This is where Peace Master comes in: a delightfully hammy anti-hero who pretends to be a lot cooler in his head than he is in real life. He’s voiced by Rainn Wilson, which feels a bit distracting as it seems like including Rattleballs in this one was just an excuse not to find another voice actor for PM, though Wilson does a great job so I’m not complaining. Peace Master gives me major vibes of religious cult leaders who believe they are the savior over everything and that they are an all-powerful being, combined with elements of Batman. Though, PM isn’t the dark and tortured being he seems to portray. What makes Peace Master so interesting, however, is ironically the fact that he’s just a normal guy. Despite all of his abilities and his confidence in vanquishing all that is evil, he’s actually a father who is raising three kids. I love how much Nemesis builds this guy up, with his well-drawn dramatic faces and his menacing exterior, only for him to come off as a pretty lame dude when it comes down to it. Though I dunno, is it a little too mundane for anyone else that he just casually drives a minivan around? Who in the Candy Kingdom actually drives automotive vehicles? It seems too out of place for the setting, but I digress. I like how Peace Master even acknowledges to his children that he was pontificating, and just how much his children rebel against him. His children are essentially more down-to-earth than their father; Peacemaster dismisses the dark arts as nothing but monstrosities that deserve to be excluded from society, though someone like Peppermint Butler would prove that there is a balance between practicing such magic and also being a totally cool dude. Speaking of the peppermint man, his role in the episode is defined by PM’s defiance of such practices.

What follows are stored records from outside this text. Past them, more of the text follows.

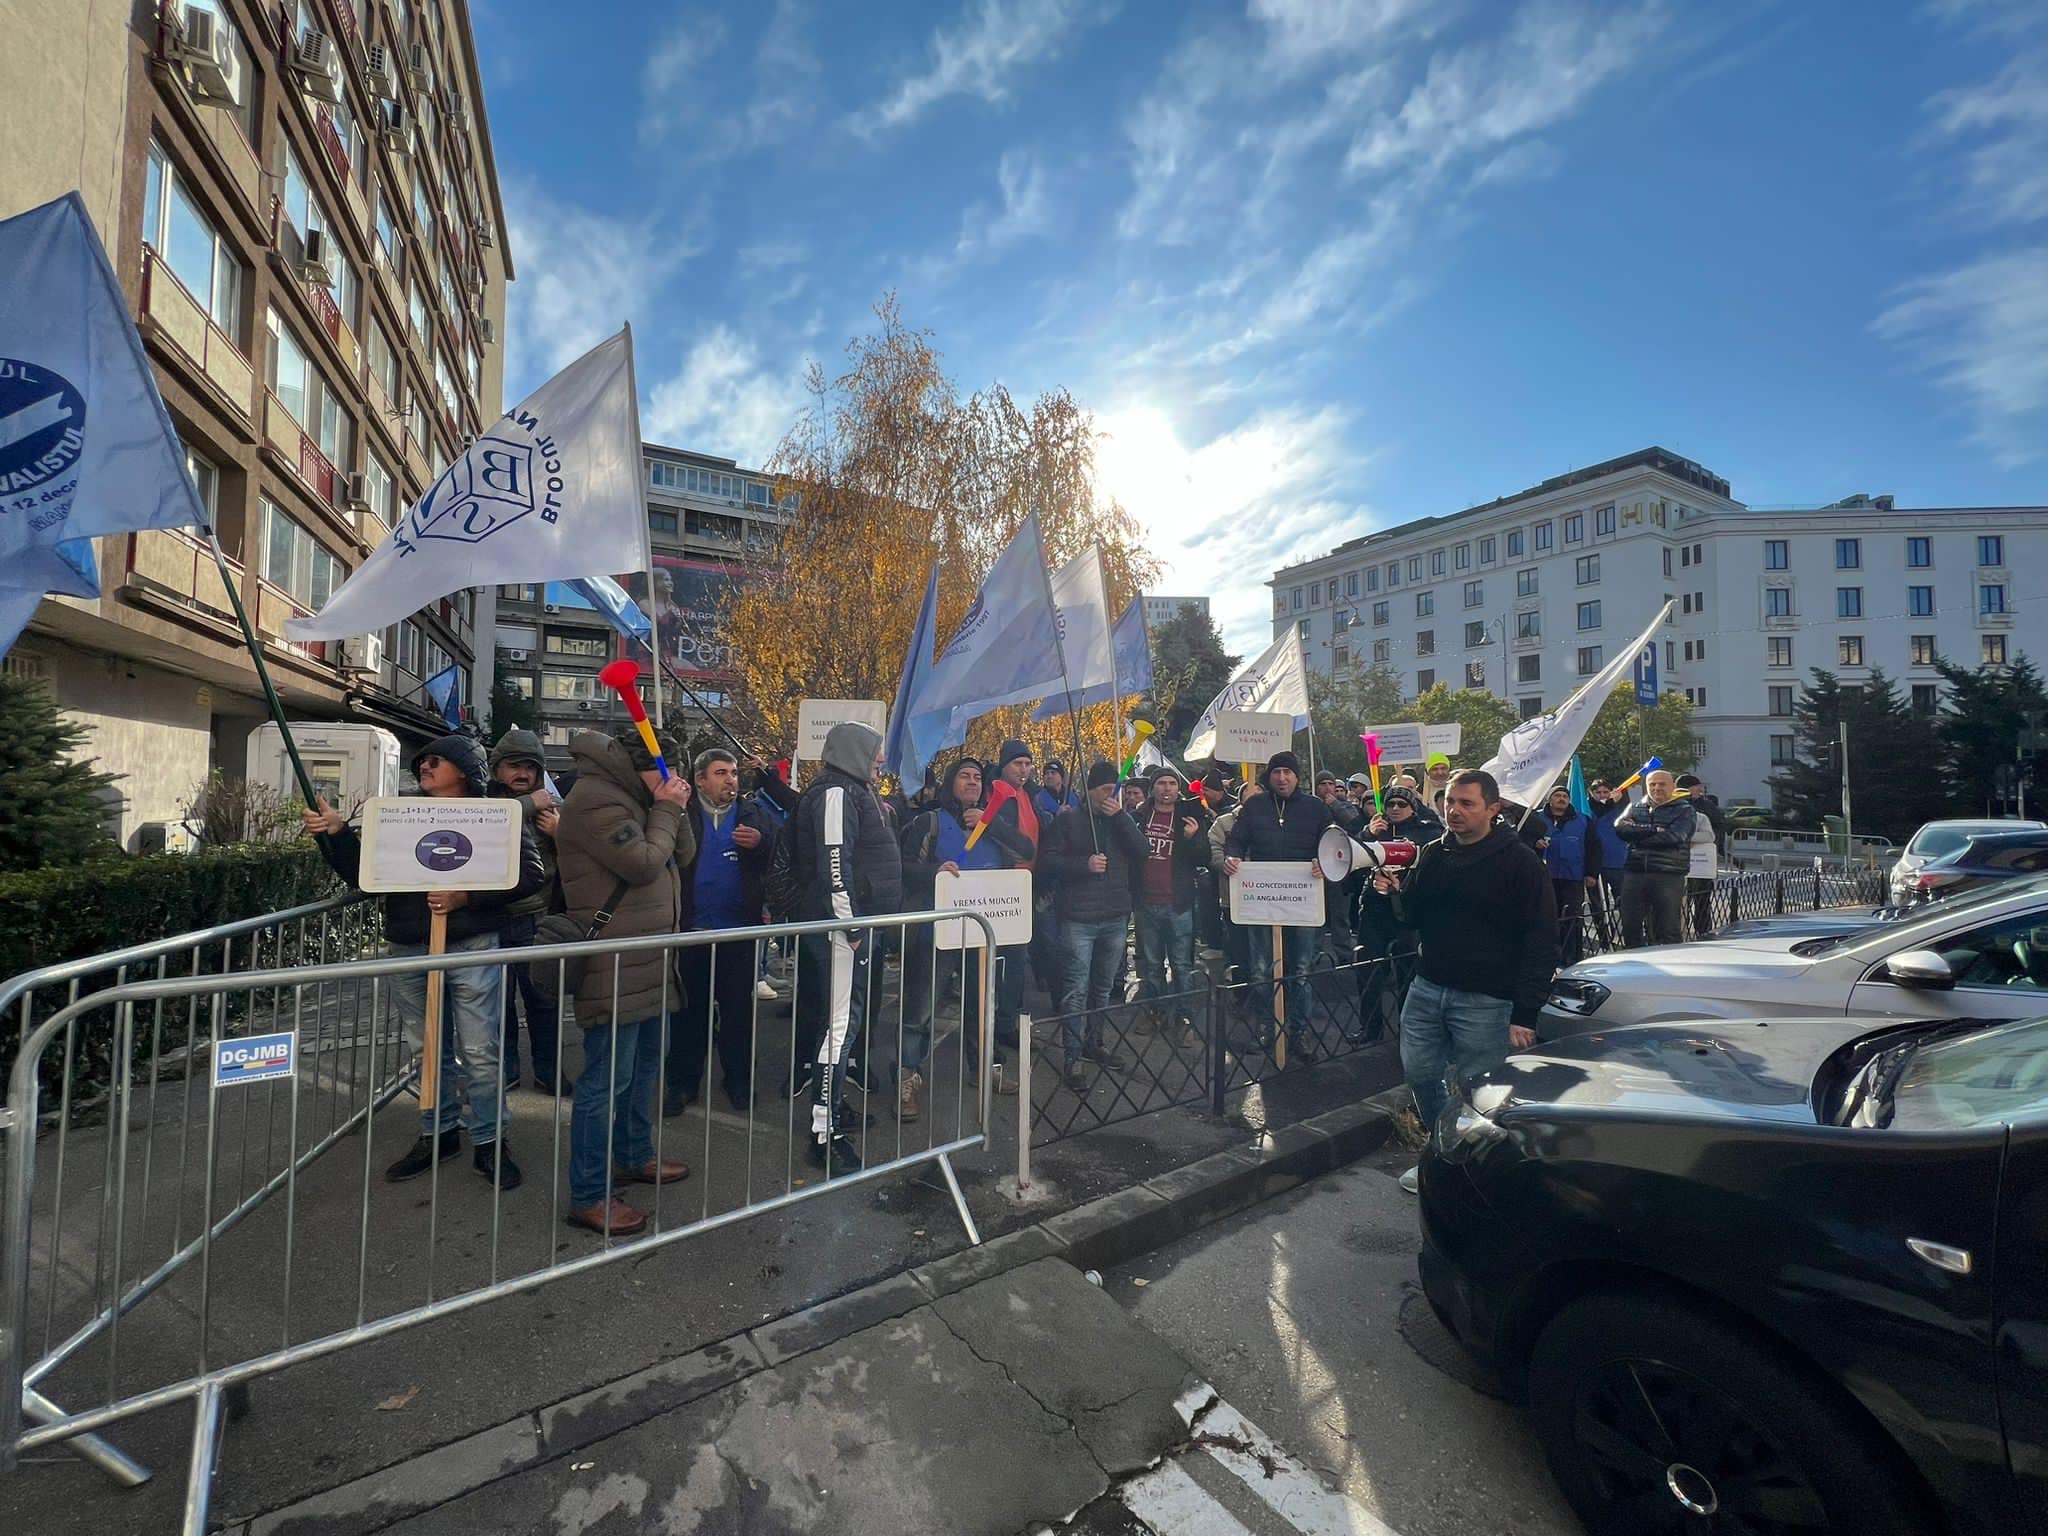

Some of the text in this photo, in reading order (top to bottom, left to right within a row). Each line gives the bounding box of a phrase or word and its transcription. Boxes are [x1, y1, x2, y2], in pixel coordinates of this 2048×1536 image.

[1641, 646, 1652, 681] P
[1242, 881, 1255, 889] NU
[953, 899, 976, 907] VREM
[989, 896, 1020, 905] MUNCIM
[221, 1043, 288, 1065] DGJMB

PB’s desire to shift the kingdom into full red alert mode is a lot of fun, namely the return of Colonel Candy Corn in a much more enjoyable appearance after his large role in Something Big. Something tells me that Jesse Moynihan just really likes this character for some reason. Regardless, his comments about his state of being and the nature of the Banana Guards were both hilarious, and it’s refreshing to see a member of the Candy Kingdom military who is actually relatively competent. Speaking of competence, PB calls upon the aforementioned Rattleballs after awkwardly avoiding the discussion revolving around him, in a pretty funny scene featuring an actual training session between Finn and himself! With Jake included, of course. The scene is pretty humorous in the fact that I have literally NO IDEA how such a skill is actually beneficial for Finn to use. It’s always fun to see Rattleballs, and it’s equally fun to see Finn and Jake by this point. I appreciate the direction that the show has taken to where they are able to focus on various different characters without the company of Finn and Jake, but their presence is still missed. It’s a lot different going back and watching these episodes now, where I can appreciate them more for what they are, rather than how they aired. Though I still enjoyed Nemesis upon airing, nearly a month of AT episodes had aired without Finn and Jake having a role, and I truly missed my boys by the time this one came along.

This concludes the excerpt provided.